RECORDS below:

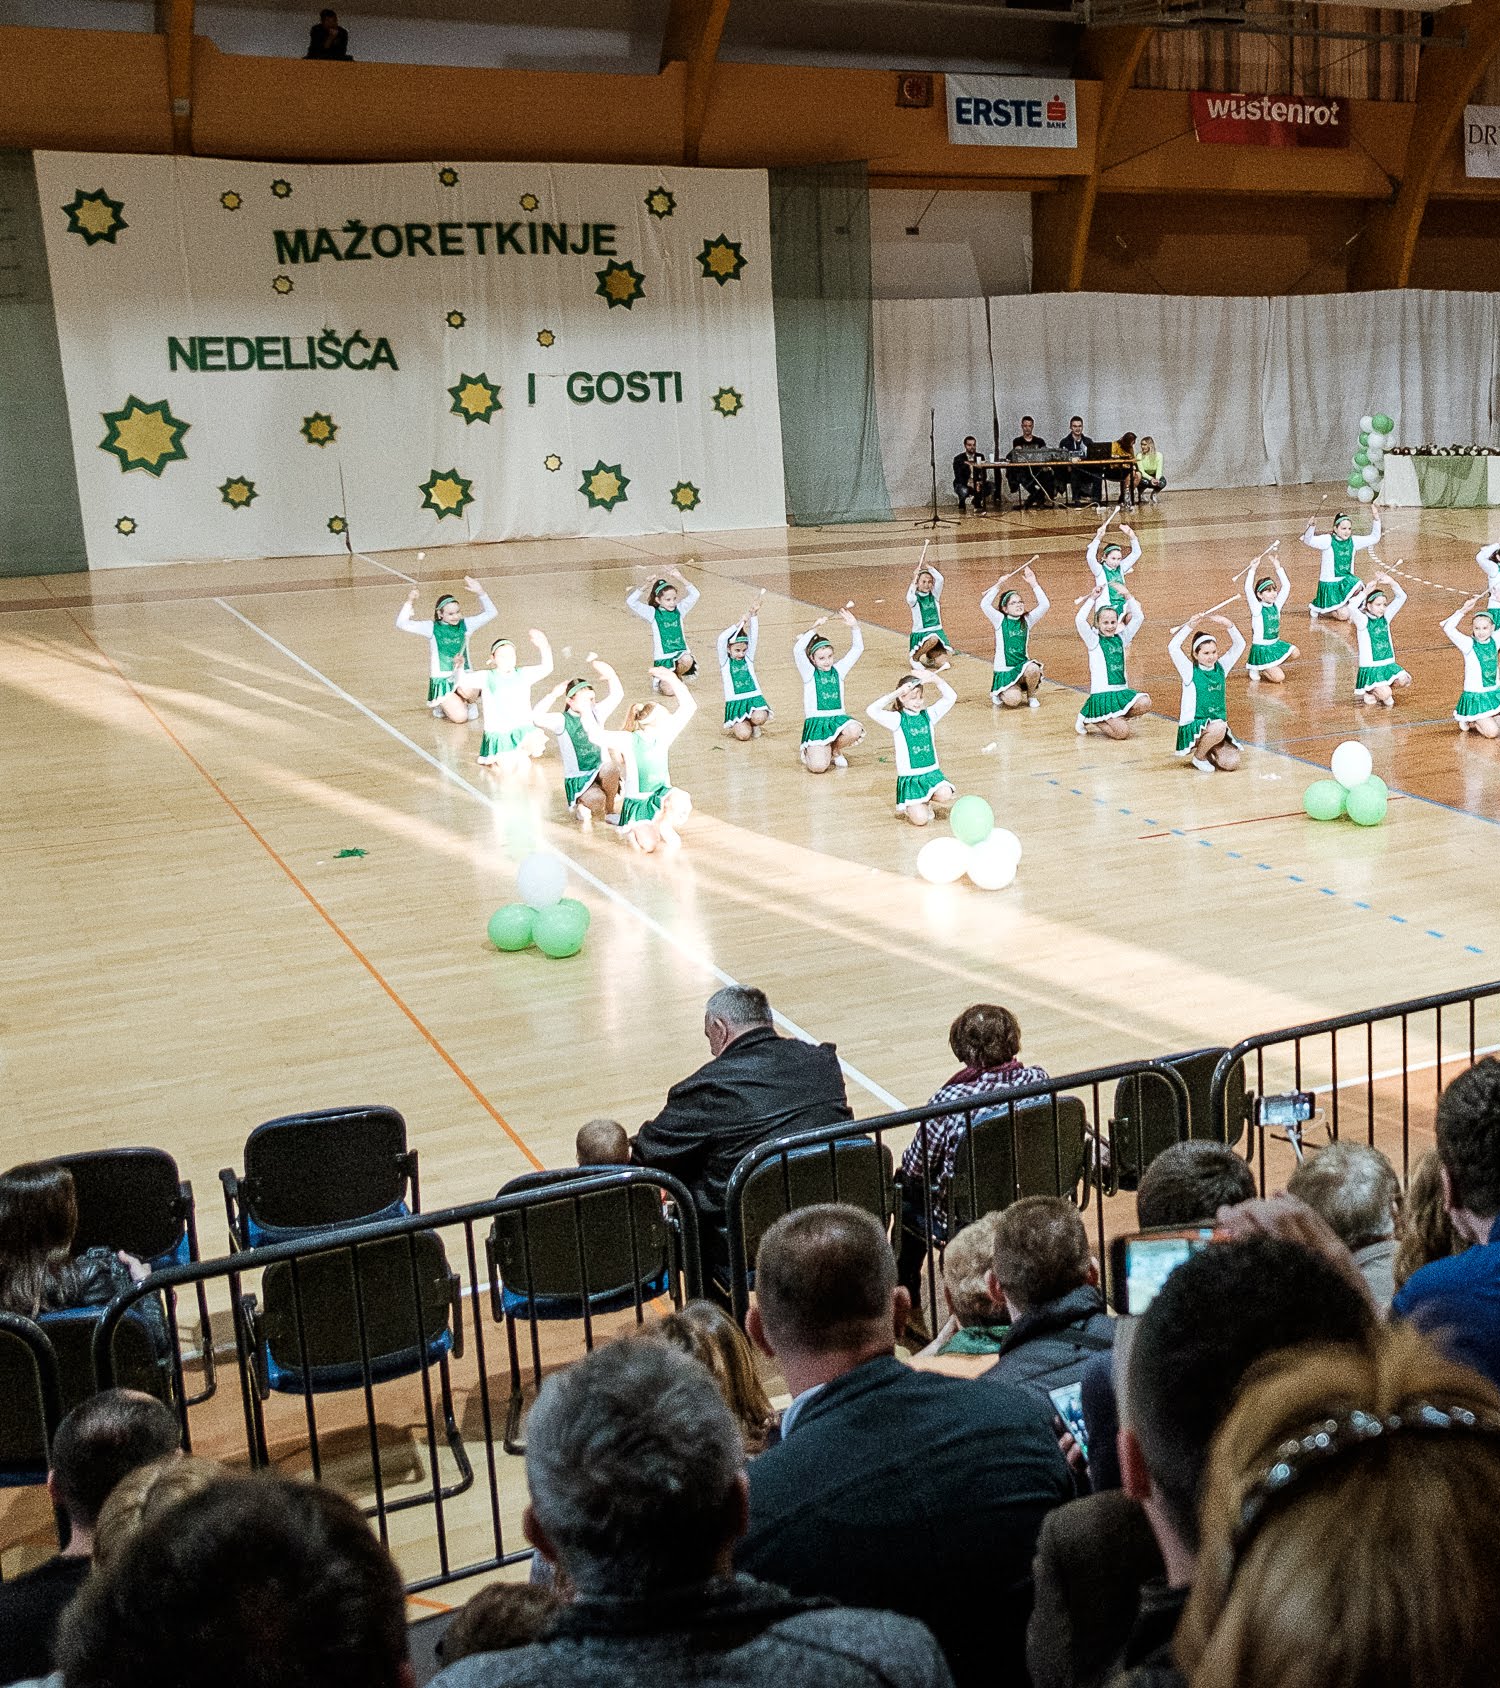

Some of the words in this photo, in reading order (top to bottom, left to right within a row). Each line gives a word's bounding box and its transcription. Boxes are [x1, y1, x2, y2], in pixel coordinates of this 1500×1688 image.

[956, 97, 1042, 128] ERSTE
[273, 220, 618, 265] MAŽORETKINJE
[167, 328, 400, 371] NEDELIŠĆA
[528, 372, 536, 404] I
[566, 371, 683, 404] GOSTI

End of RECORDS.

WHAT YOU HAVE TO DO: The records above are to be transcribed exactly, with every picture left out.

RESPONSE:
Some of the words in this photo, in reading order (top to bottom, left to right within a row). Each line gives a word's bounding box and its transcription. Boxes are [x1, y1, x2, y2], in pixel coordinates of this 1500×1688 image.

[956, 97, 1042, 128] ERSTE
[273, 220, 618, 265] MAŽORETKINJE
[167, 328, 400, 371] NEDELIŠĆA
[528, 372, 536, 404] I
[566, 371, 683, 404] GOSTI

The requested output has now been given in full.